A glut of acorns resulted in the deaths of 90 New Forest ponies and cattle in the latter half of 2013. The Verderers, who oversee the forest's commoners and their animals, said they would usually expect about eight deaths in a year but rarely more than 30.
Acorns are toxic to most livestock animals but not to pigs, which are released to eat the nuts every year.
There were also 182 collisions involving livestock in 2013, resulting in 72 animal deaths.
Acorns contain toxic tannins that cause ulceration in the digestive tracts of most livestock animals, eventually causing kidney failure. The number of acorn poisoning deaths usually rises during 'mast years' - when fruiting woodland trees produce a bumper harvest.
From 1 August to 31 December 2012, five animals died, and in 2011 there were six. The last mast year was in 2010 when 27 ponies and five cattle died. Figures show 2006 was the worst season in recent years, with 47 acorn poisoning deaths.

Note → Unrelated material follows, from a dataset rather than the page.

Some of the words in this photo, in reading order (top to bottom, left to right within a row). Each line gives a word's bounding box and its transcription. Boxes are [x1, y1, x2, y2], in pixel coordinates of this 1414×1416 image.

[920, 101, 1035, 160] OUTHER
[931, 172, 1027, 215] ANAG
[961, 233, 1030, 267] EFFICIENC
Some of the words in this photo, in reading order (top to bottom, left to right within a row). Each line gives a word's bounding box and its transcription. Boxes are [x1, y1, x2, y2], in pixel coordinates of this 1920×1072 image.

Although the pigs eat a large number of acorns, they are unable to clear up the huge number’s shed by the thousands of oaks across the 219 sq mile (566 sq km) national park.

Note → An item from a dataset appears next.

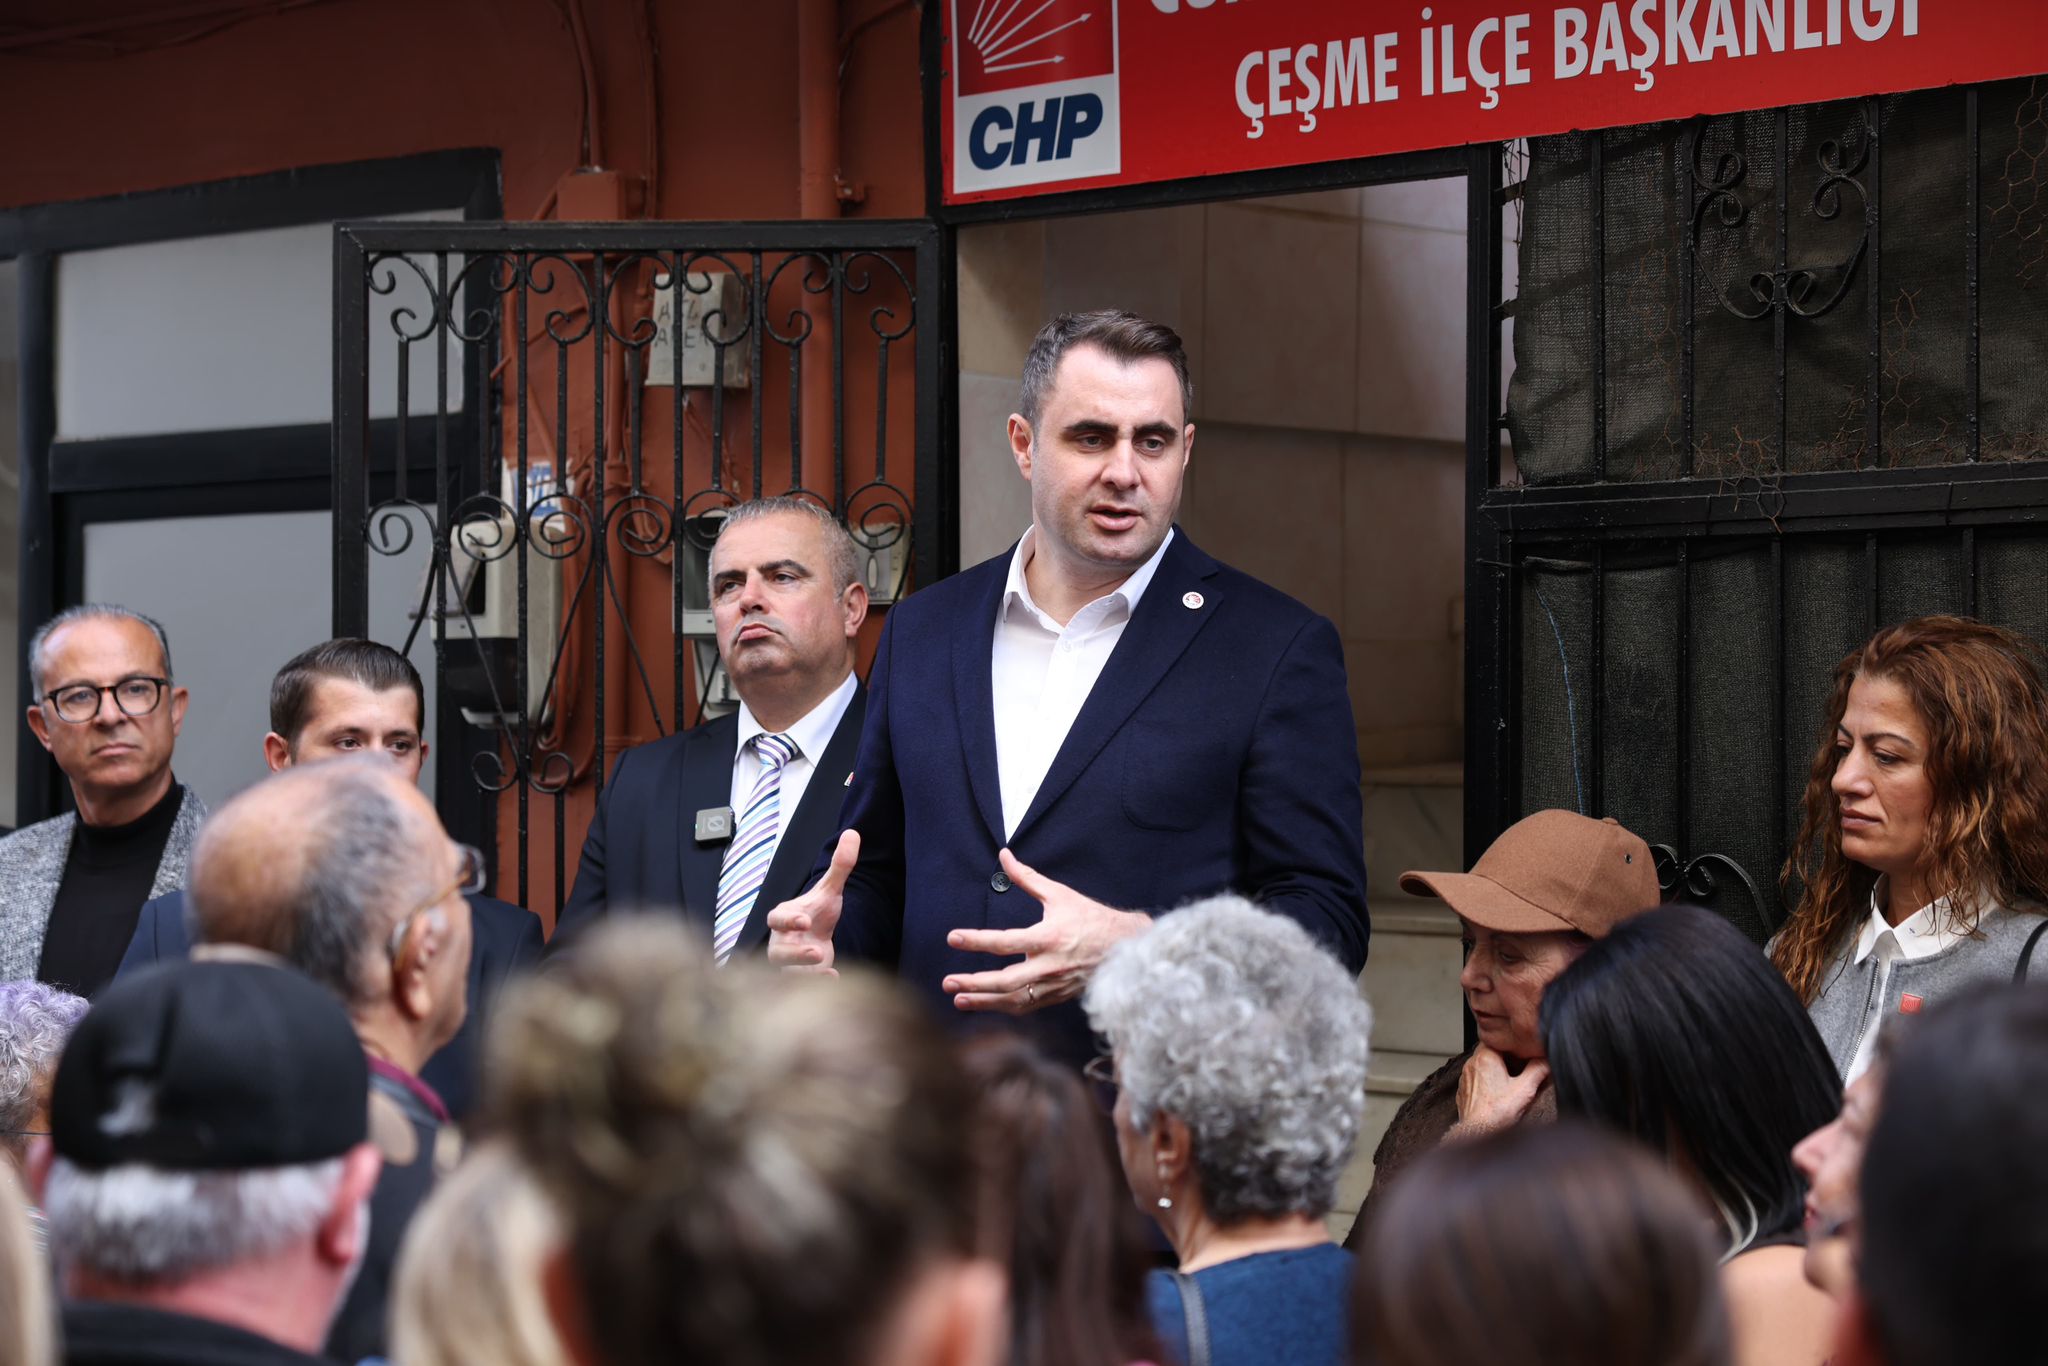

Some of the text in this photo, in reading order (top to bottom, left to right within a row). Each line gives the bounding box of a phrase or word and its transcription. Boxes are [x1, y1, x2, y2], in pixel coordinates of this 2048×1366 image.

[1235, 32, 1399, 139] ÇEŞME
[1420, 7, 1531, 110] İLÇE
[969, 93, 1104, 171] CHP

Colin Draper, of the Verderers of the New Forest, said: "The number of pigs being turned out are too small to make a difference. This year was exceptional - if we put out a thousand pigs we would still have lost ponies to acorn poisoning."

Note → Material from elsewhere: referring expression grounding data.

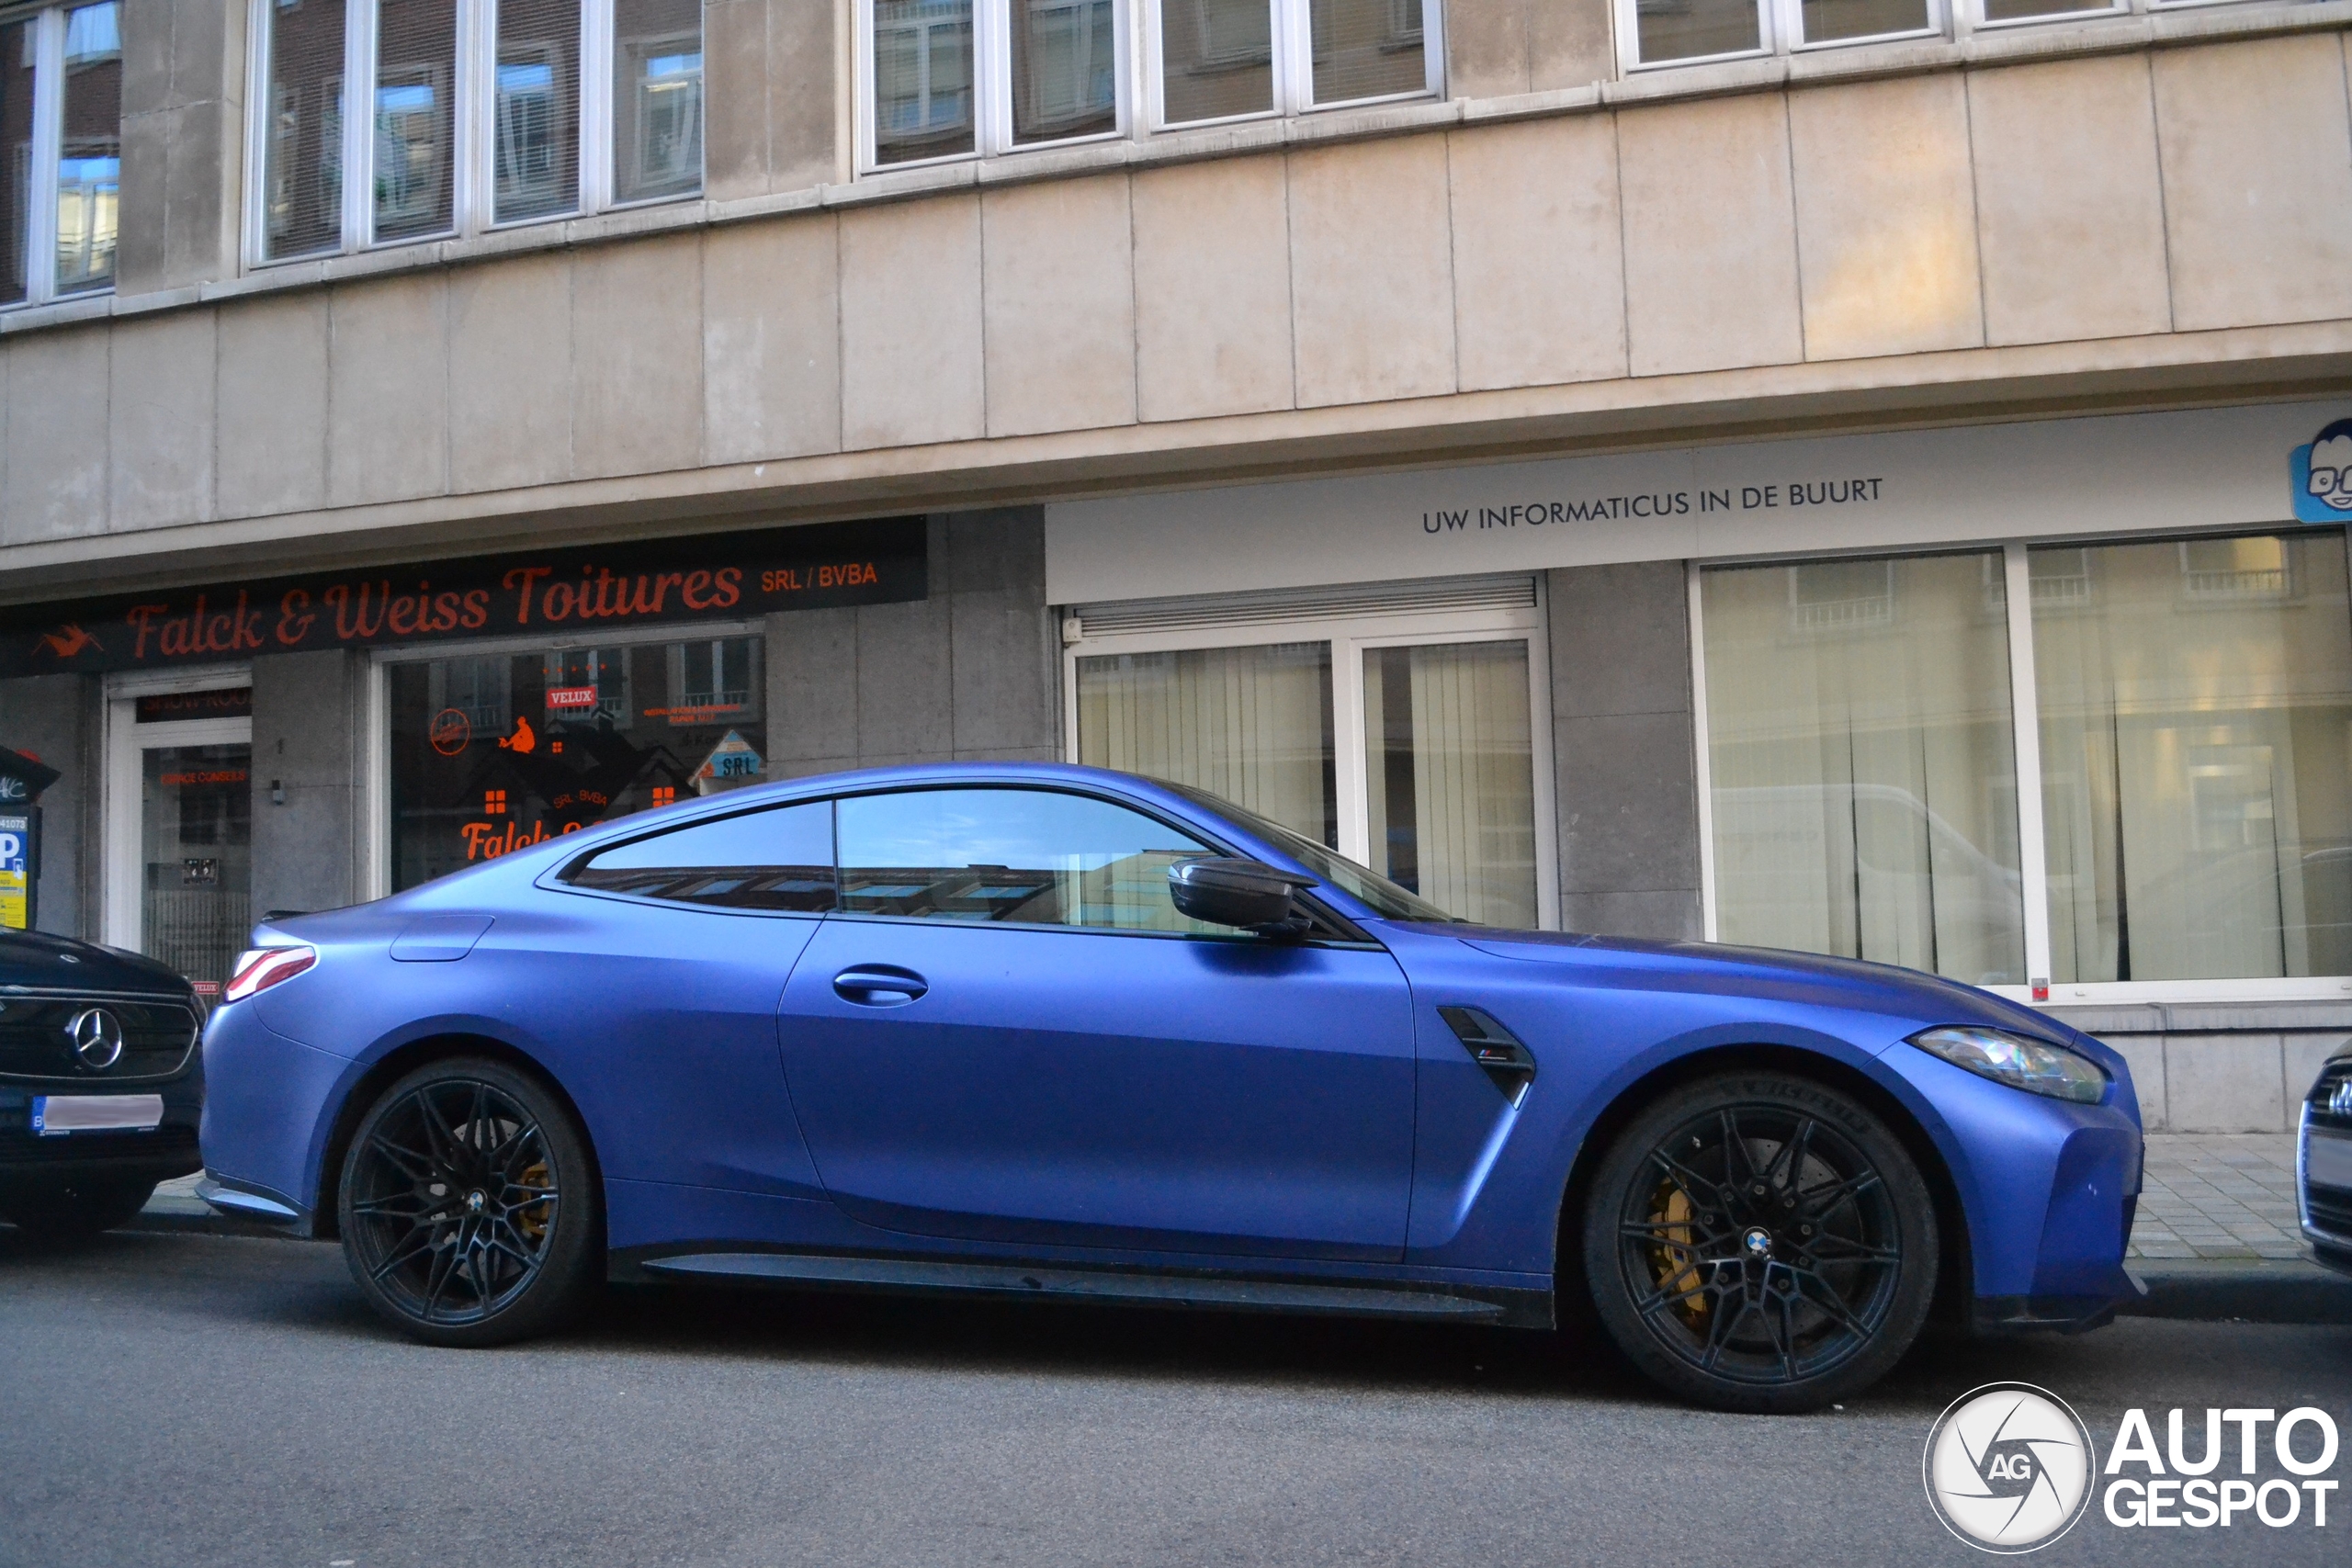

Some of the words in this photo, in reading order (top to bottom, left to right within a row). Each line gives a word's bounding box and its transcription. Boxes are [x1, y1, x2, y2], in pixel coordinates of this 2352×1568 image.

[1422, 511, 1470, 535] UW
[1478, 492, 1690, 529] INFORMATICUS
[1700, 489, 1731, 513] IN
[1742, 484, 1780, 509] DE
[1789, 478, 1883, 505] BUURT
[126, 588, 265, 660] Falck
[276, 588, 316, 644] &
[323, 579, 490, 640] Weiss
[502, 562, 742, 625] Toitures
[762, 570, 802, 592] SRL
[807, 567, 813, 589] /
[820, 561, 877, 588] BVBA
[551, 691, 593, 705] VELUX
[722, 756, 754, 777] SRL
[553, 793, 573, 809] SRL
[579, 789, 607, 807] BVBA
[0, 832, 20, 869] P
[194, 984, 217, 992] VELUX
[33, 1115, 43, 1128] B

Figures also show that in the 12 months to 31 December, 182 incidents were reported, compared with 135 in 2012. A total of 26 livestock animals in the forest were killed by vehicles and 46 were so badly injured they had to be destroyed. A further 32 were injured but survived. The majority of the animals hit were ponies or cattle, but pigs, donkeys and sheep were also among those injured.